[Stored entries]
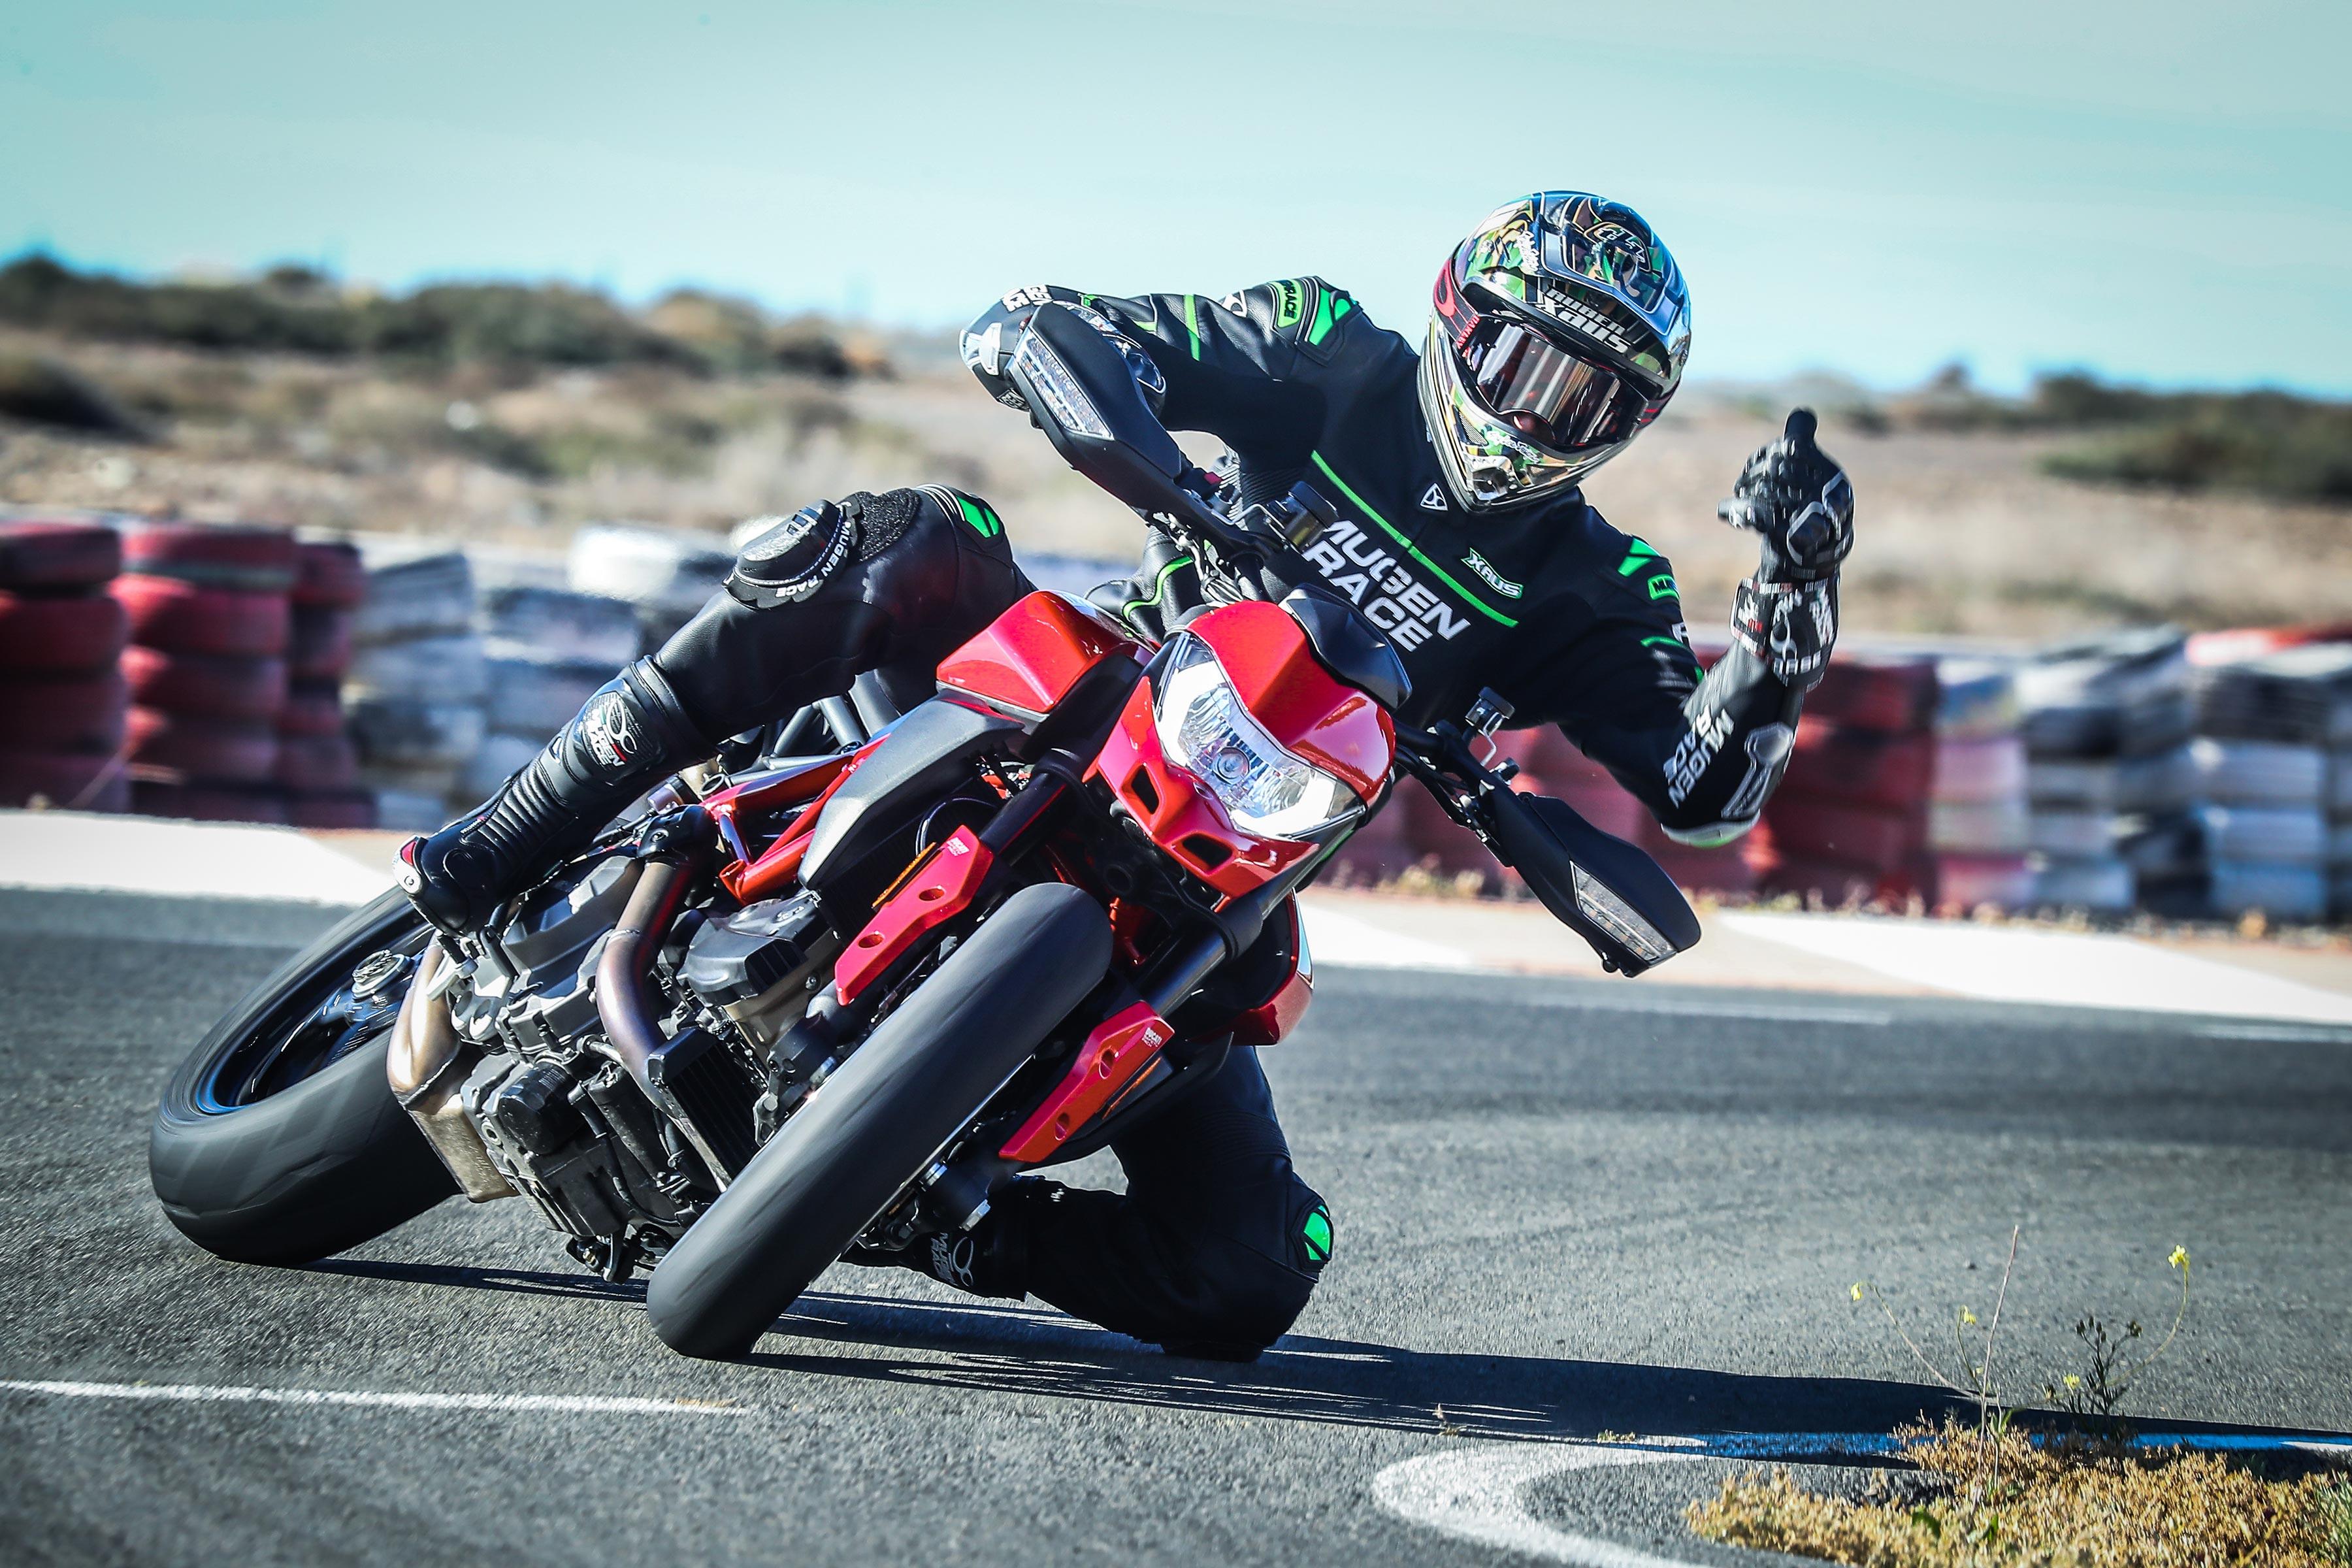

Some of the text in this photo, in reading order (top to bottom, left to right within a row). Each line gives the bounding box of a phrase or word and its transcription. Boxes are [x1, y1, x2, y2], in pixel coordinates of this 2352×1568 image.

[1456, 315, 1480, 350] OAKLEY
[821, 525, 851, 578] MUGEN
[1323, 520, 1471, 640] MUGEN
[1465, 552, 1522, 597] XAUS
[1301, 540, 1433, 653] RACE
[1668, 708, 1734, 809] MUGEN

**Your assignment:** Transcribe each entry above without alteration, but keep the pictures out.

**Reply:**
Some of the text in this photo, in reading order (top to bottom, left to right within a row). Each line gives the bounding box of a phrase or word and its transcription. Boxes are [x1, y1, x2, y2], in pixel coordinates of this 2352×1568 image.

[1456, 315, 1480, 350] OAKLEY
[821, 525, 851, 578] MUGEN
[1323, 520, 1471, 640] MUGEN
[1465, 552, 1522, 597] XAUS
[1301, 540, 1433, 653] RACE
[1668, 708, 1734, 809] MUGEN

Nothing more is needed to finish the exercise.